According to the Board in case T 832/99 [7.2] the same strict standards […] were to be applied to an clerk (technischer Sachbearbeiter) working in the private practice of the representative without being himself a professional representative. The clerk was not an auxiliary person that only carried out routine work such as noting time limits for the professional representative. Rather the clerk de facto did the work of a patent attorney.
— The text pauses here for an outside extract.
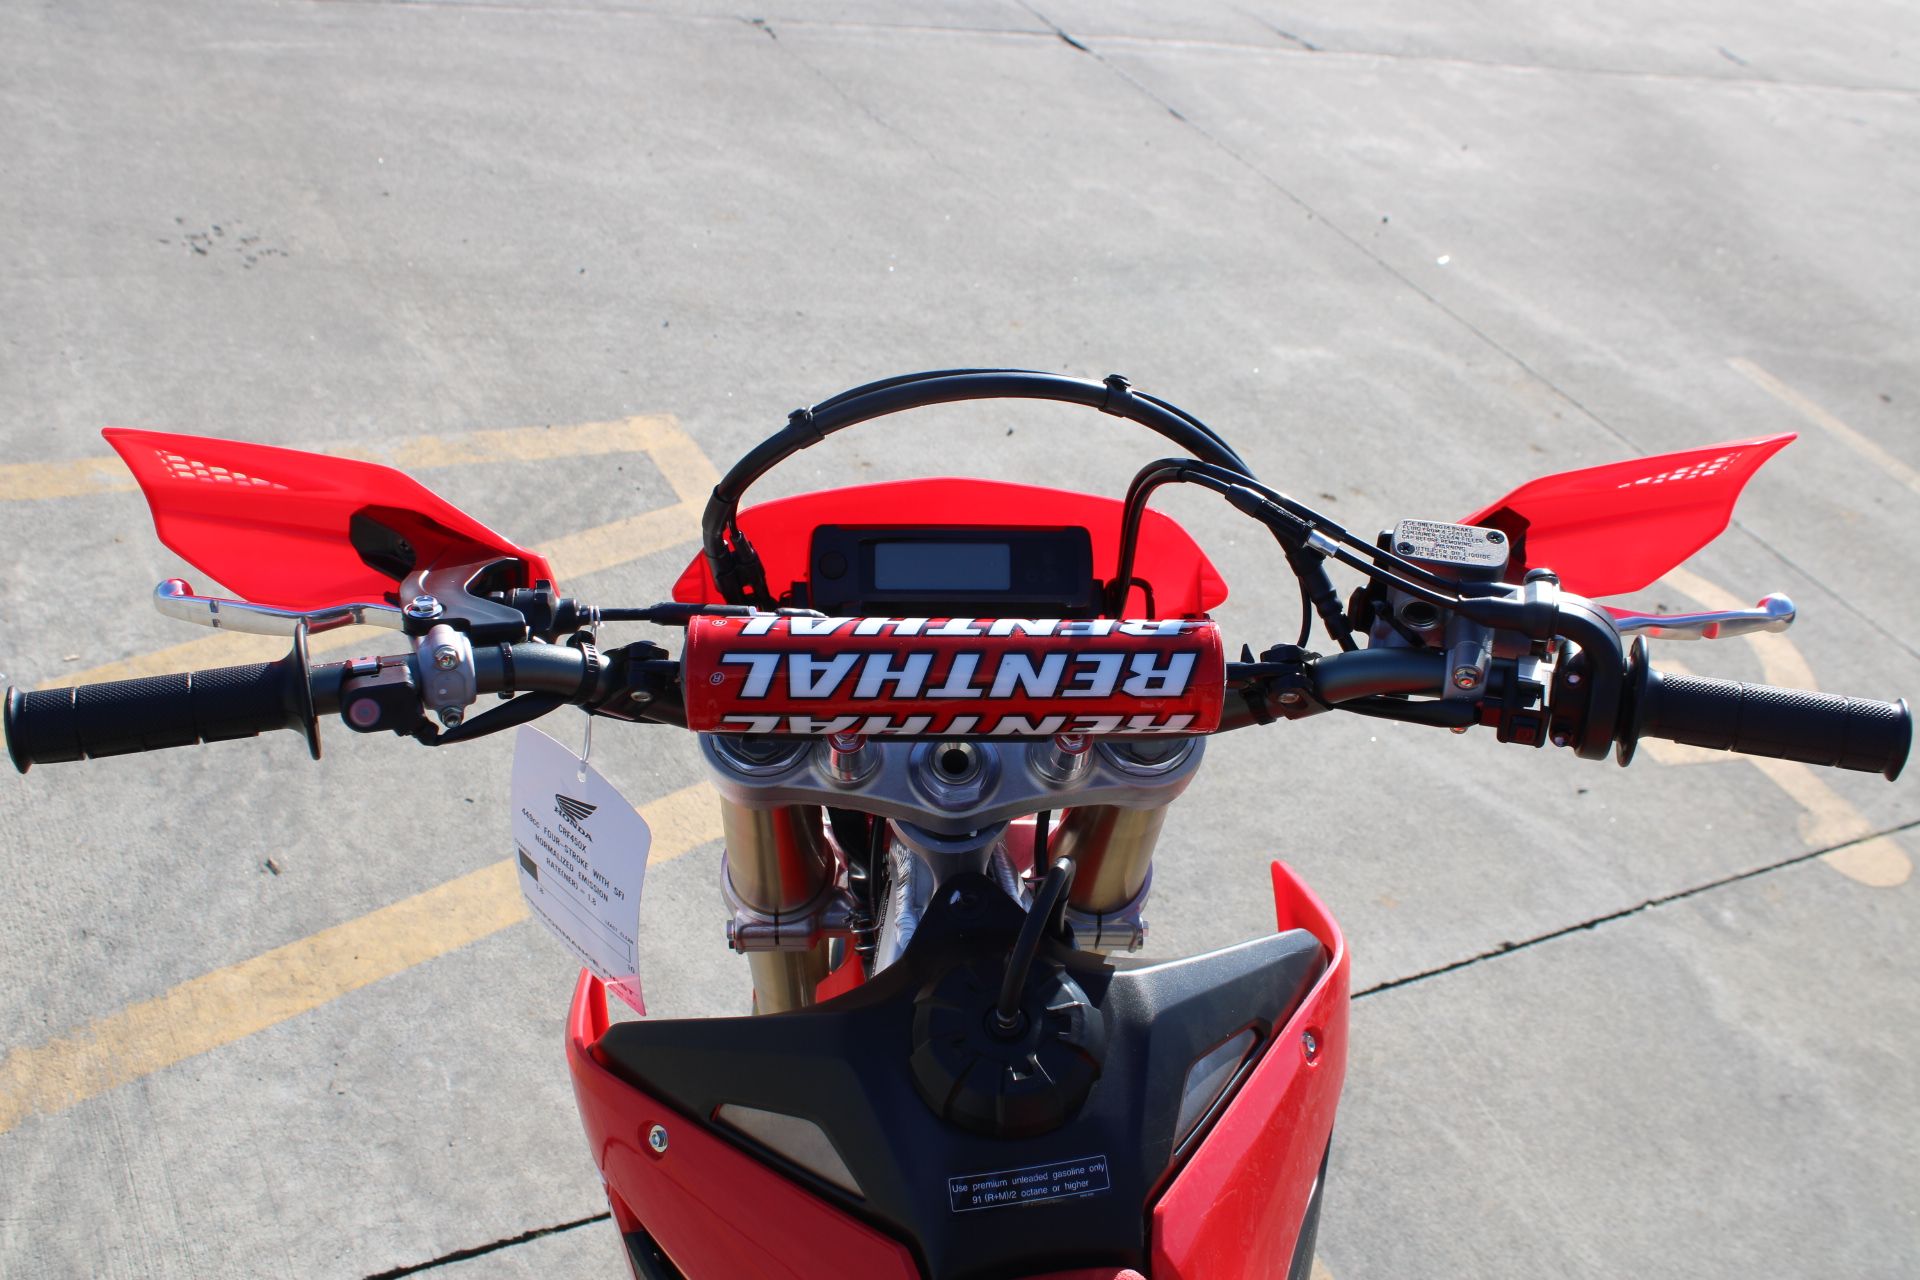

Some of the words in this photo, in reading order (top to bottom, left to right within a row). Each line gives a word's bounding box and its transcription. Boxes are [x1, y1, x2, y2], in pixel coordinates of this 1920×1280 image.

The present Board considers it to be correct to apply the same strict standards of due care that apply to an applicant, its professional representative or its attorney-at-law at least to a professional representative who is an employee of the applicant, its professional representative or its attorney-at-law, because the employee has the same knowledge  as a professional representative and in practice exercises an activity that is structurally similar. The present situation is of this kind because the patent engineer acting under A 133(3) is a professional representative.
I cannot help but find this paragraph weird. If a person is a professional representative, then his/her employment status simply should not matter. The rules have to be the same for in-house attorneys and professional representatives working in private practice. But perhaps I do not understand what the Board wanted to convey.
Due care exercised by the patent engineer

“General comments on due care”

[5.2.1] In part VI.E.7.3 of the EPO publication “Case Law of the Boards of appeal of the EPO” (6th edition, July 2010, hereinafter referred to as “Case Law”) a sub-item 7.3.1. “Introduction” and inter alia the following passages are found under the above header (the numerous references to appeal cases were omitted):
In numerous decisions the boards have ruled on the “all due care required by the circumstances” issue. In considering it, the circumstances of each case must be looked at as a whole … The obligation to exercise due care must be considered in the light of the situation as it stood before the time limit expired. …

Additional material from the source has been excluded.